Notes du calepin – 17 avril 2013

Il semble qu’il n’y ait plus aucun lieu vraiment sécuritaire. L’explosion de deux bombes au moment même où se déroulait la 117e édition du Marathon de Boston, lundi dernier, vers 15 h, en est fort malheureusement une nouvelle preuve. Même s’il n’est pas possible de savoir qui sont les auteurs de ce qui a toutes les apparences d’un attentat, ni de connaître leurs motifs, une chose est sûre: personne n’est à l’abri de tels actes, et cela, peu importe où l’on se trouve.
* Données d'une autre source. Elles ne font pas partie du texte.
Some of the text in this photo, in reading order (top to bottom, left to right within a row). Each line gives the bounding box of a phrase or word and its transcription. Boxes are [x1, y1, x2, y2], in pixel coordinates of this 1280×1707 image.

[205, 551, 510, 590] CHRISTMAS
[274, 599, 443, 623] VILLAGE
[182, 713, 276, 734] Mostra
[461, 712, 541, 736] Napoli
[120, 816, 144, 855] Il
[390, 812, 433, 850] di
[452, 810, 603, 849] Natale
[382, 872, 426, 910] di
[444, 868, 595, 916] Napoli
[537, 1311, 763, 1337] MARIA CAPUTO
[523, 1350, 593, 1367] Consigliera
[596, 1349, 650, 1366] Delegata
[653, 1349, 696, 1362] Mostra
Ici, les auteurs de l’attentat avaient choisi un événement prestigieux pour commettre leur méfait quand on sait que plus de 26 000 personnes participaient à ce Marathon de Boston et provenaient de nombreux pays à travers le monde. Selon le registre des organisateurs, 355 coureurs québécois étaient d’ailleurs inscrits à cet événement. Aussi, l’événement se déroulait durant la Journée des patriotes célébrée chaque année dans l’État du Massachusetts, ce qui suppose qu’un plus grand nombre de curieux et touristes peuvent y assister. Bref, les auteurs de cet attentat n’ont pas choisi le Marathon de Boston au hasard, même si le fait de courir 42,2 kilomètres n’a rien de vraiment politique. On le fait pour le plaisir, pour se dépasser. J’ai l’habitude d’aller une fois par année à Boston pour assister à des matchs de baseball des Red Sox. Et j’ai des billets pour cette année encore. Heureusement, ce n’est pas cette fin de semaine, car j’imagine que je me sentirai un peu inquiet de me retrouver à Boston quelques jours seulement après un tel attentat. Au mois de juillet prochain, j’imagine qu’on aura eu le temps d’oublier… un tout petit peu!
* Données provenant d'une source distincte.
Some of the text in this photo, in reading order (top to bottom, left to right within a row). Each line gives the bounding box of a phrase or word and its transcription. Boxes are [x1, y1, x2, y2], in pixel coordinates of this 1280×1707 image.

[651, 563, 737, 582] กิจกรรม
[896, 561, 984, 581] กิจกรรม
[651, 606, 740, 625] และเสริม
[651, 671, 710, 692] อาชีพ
Un petit mot sur Justin Trudeau qui, dimanche dernier, a facilement été élu nouveau chef du Parti libéral du Canada (PLC), 45 ans après que son père, Pierre Elliott Trudeau, ait été lui-même désigné chef de cette même formation politique. Malgré des sondages qui lui sont favorables ces jours-ci, comme c’est d’ailleurs toujours le cas quand un nouveau chef prend les rênes d’un parti, Trudeau fils aura fort à faire pour relancer le PLC. Depuis le départ de Jean Chrétien, en 2003, trois chefs se sont succédé avec les Paul Martin, Stéphane Dion et Michael Ignatieff. Et seul Paul Martin a mené le PLC au pouvoir, mais avec un gouvernement minoritaire. Depuis, c’est la débandade totale, non seulement au Québec, où le PLC est littéralement boudé par les électeurs, mais à travers le Canada. C’est donc dire que le jeune prodige devra miser sur autre chose que son charisme pour espérer mener ses troupes à la victoire, sinon il risque fort bien de n’avoir été qu’un simple feu de paille… comme l’ont été ses trois prédécesseurs.